Chattanooga home sales rose 8.4 percent in 2013 to 7,247 units, the highest yearly total in six years. Although still 11 percent below Chattanooga's all-time sales peak year in 2006, economists cautioned against trying to reignite sales to the pumped up levels prior to the housing downturn.
Lawrence Yun, chief economist for the National Association of Realtors, said the 2006 sales levels "reached an unsustainably high 6.48 million (nationwide) at the close of the housing boom." Last year, Realtors nationwide sold 5.09 million units, or 9.1 percent more than the prior year.
"Existing-home sales have risen nearly 20 percent since 2011, with job growth, record low mortgage interest rates and a large pent-up demand driving the market," Yun said. "We lost some momentum toward the end of 2013 from disappointing job growth and limited inventory, but we ended with a year that was close to normal given the size of our population."
The national median existing-home price for all of 2013 was $197,100, which is 11.5 percent above the 2012 median of $176,800, and was the strongest gain since 2005 when it rose 12.4 percent.
In Chattanooga, the median sales price for homes last year was 139,7000, up 2 percent from the prior year.
"Our homes remain very affordable in a very attractive city," Trapp said.
Harold Crye, co-founder and president of Crye-Leike Real Estate Services, said mortgage rates are likely to edge higher this year but that shouldn't be enough to slow down rising home sales.
During a visit to Chattanooga on Tuesday, Crye said as the economy improves he expects mortgages will like eclipse the 6 percent mark, which has been a sort of ceiling in recent years.

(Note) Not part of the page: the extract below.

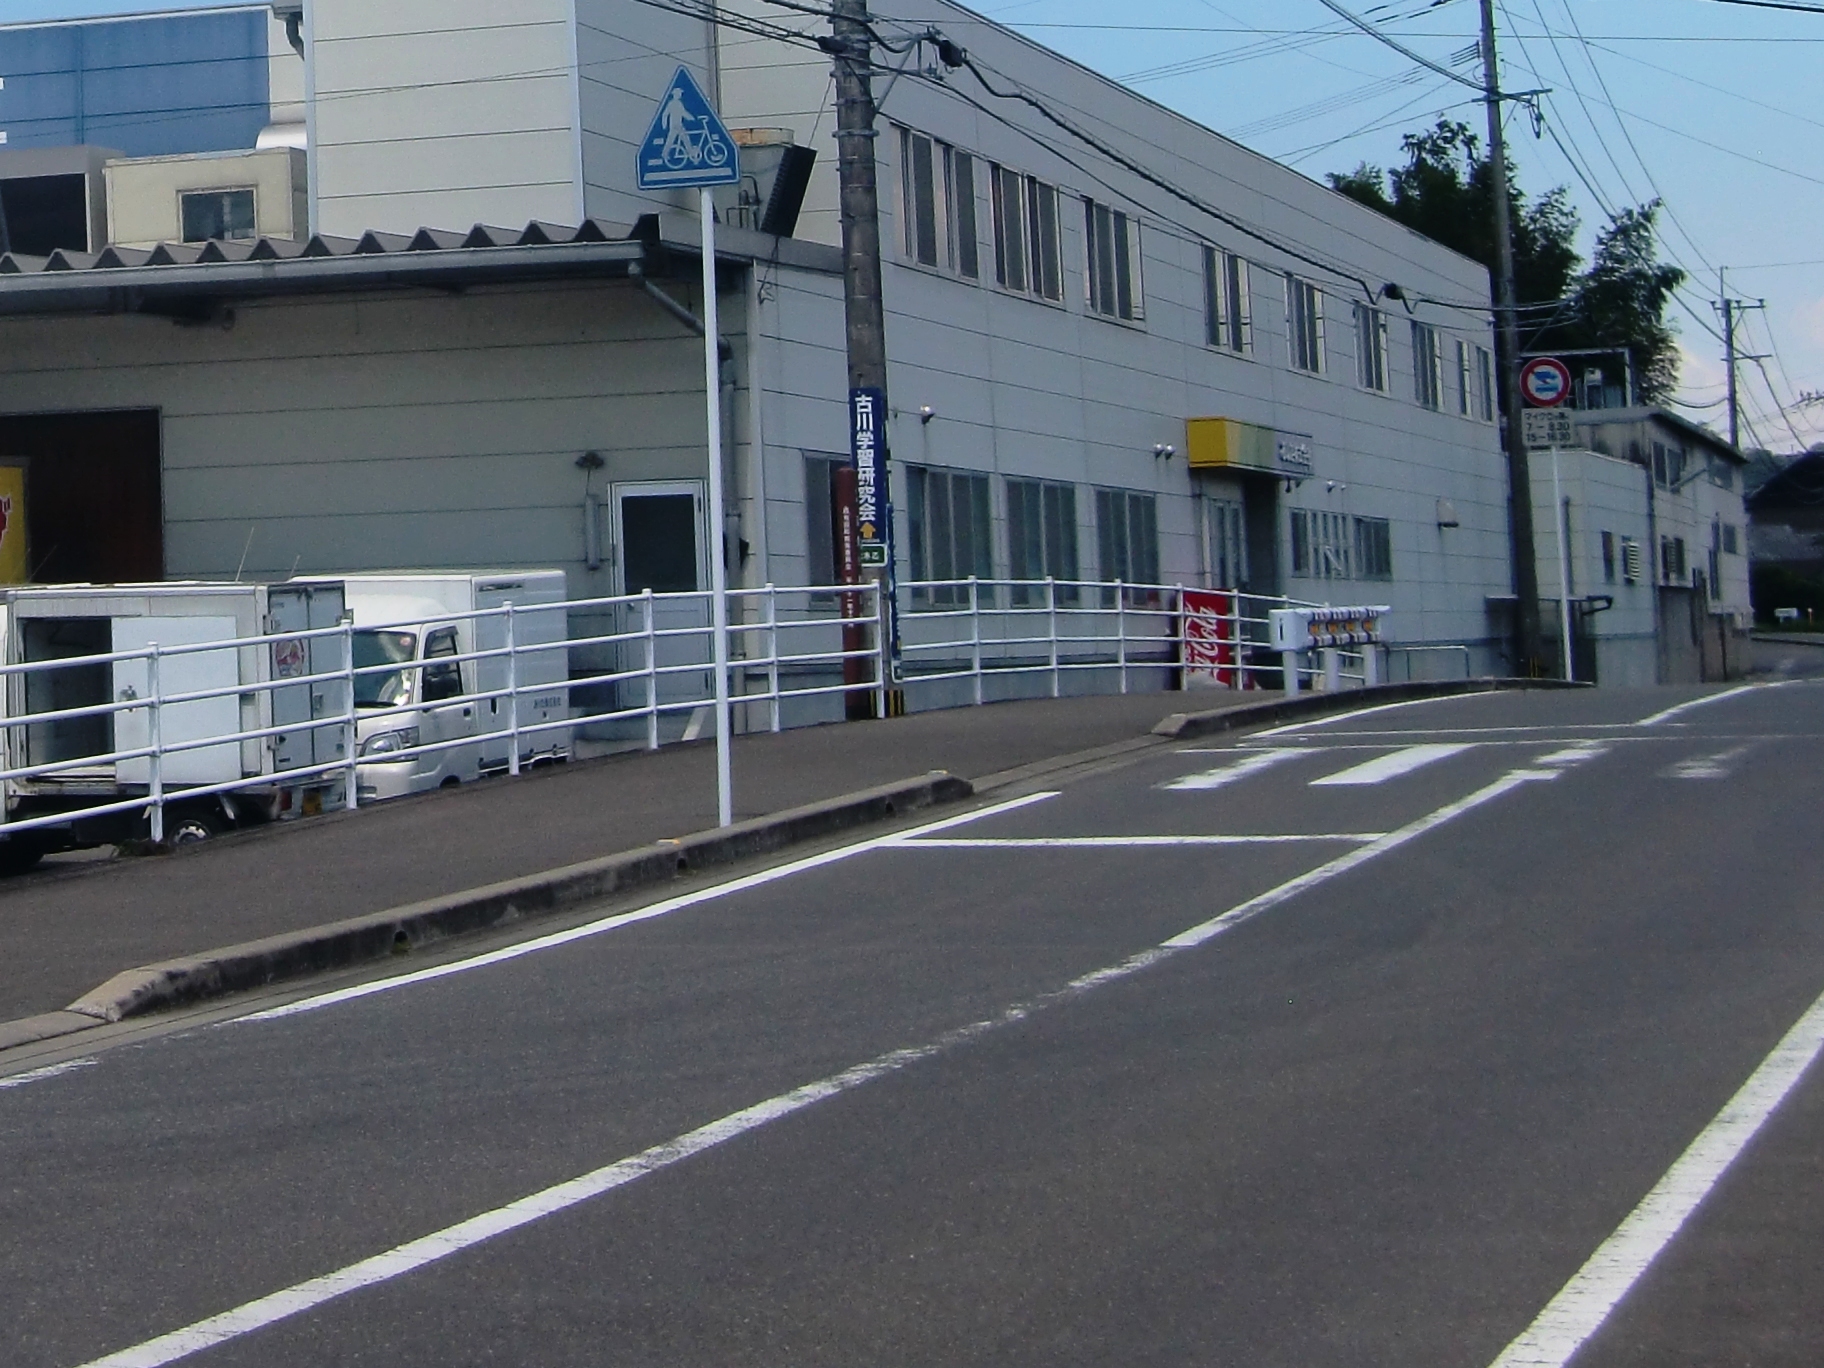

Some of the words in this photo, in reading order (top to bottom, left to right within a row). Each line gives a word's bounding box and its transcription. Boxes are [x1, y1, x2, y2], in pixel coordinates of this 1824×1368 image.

[854, 393, 876, 522] 古川学習研究会
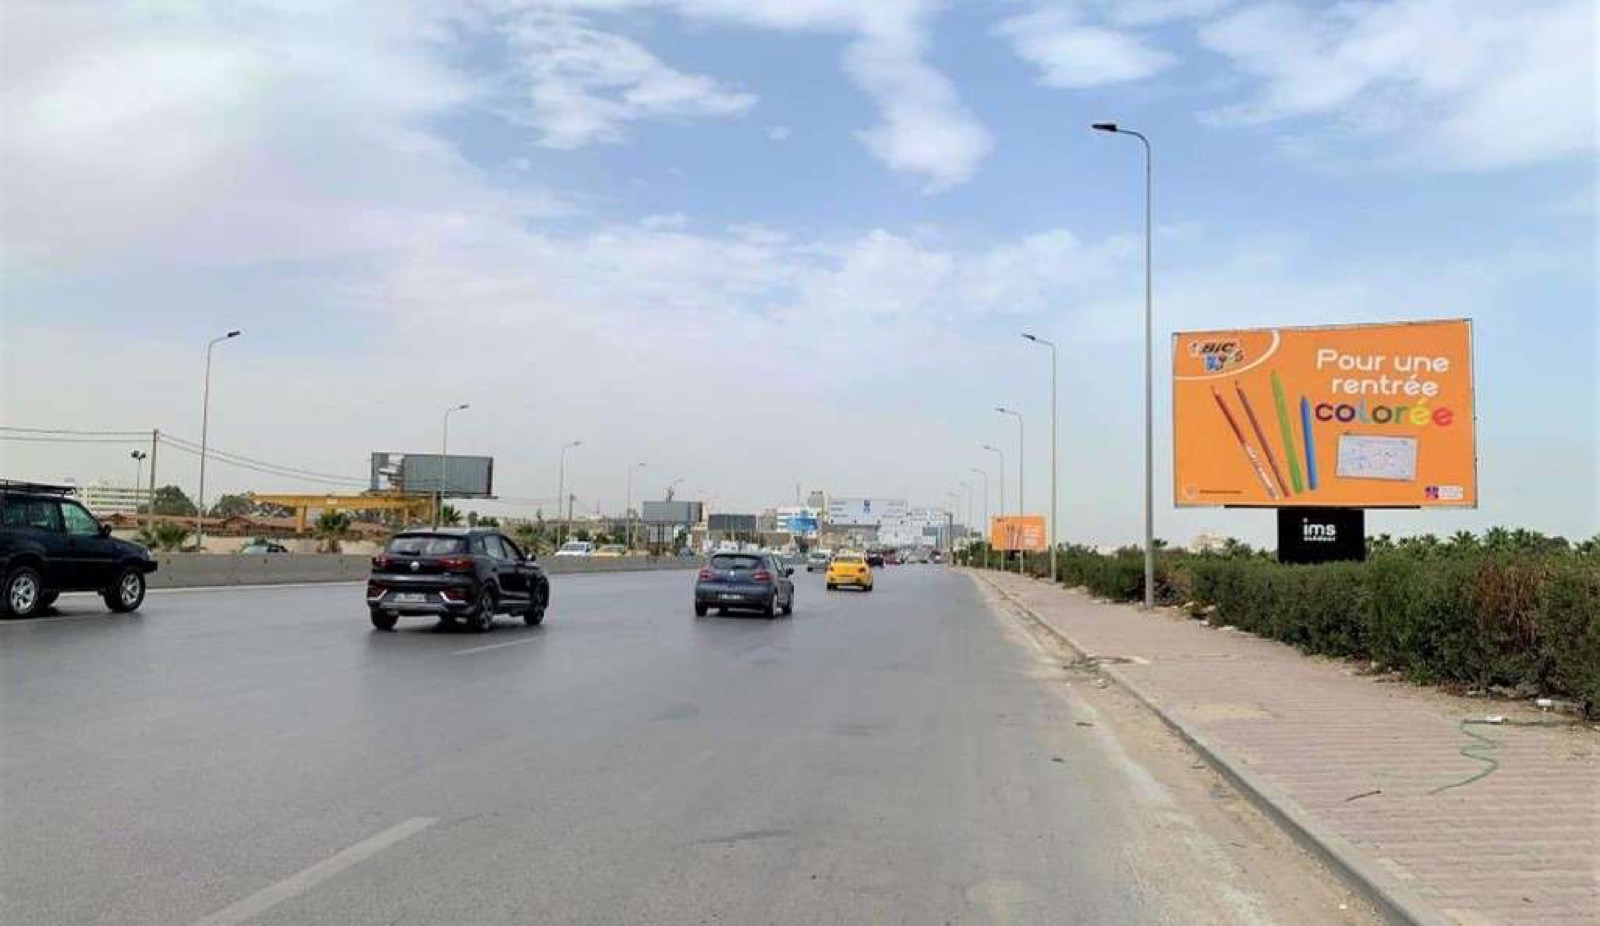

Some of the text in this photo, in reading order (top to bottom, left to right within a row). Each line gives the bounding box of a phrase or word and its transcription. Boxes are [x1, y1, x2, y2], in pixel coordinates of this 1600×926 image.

Affordability of homes is also likely to change, Crye said. The upcoming year, he predicted, will see buyers getting less for their money, because home prices will start going up as buyers become more interested, and more confident, in buying.
That applies to new homes and foreclosures, which are both shrinking in size.
"We think they're about out of those lots," he said.
In Chattanooga, the inventory of homes for sale declined another 4 percent in 2013 -- the fourth consecutive year of fewer homes on the market, according to the Greater Chattanooga Association of Realtors.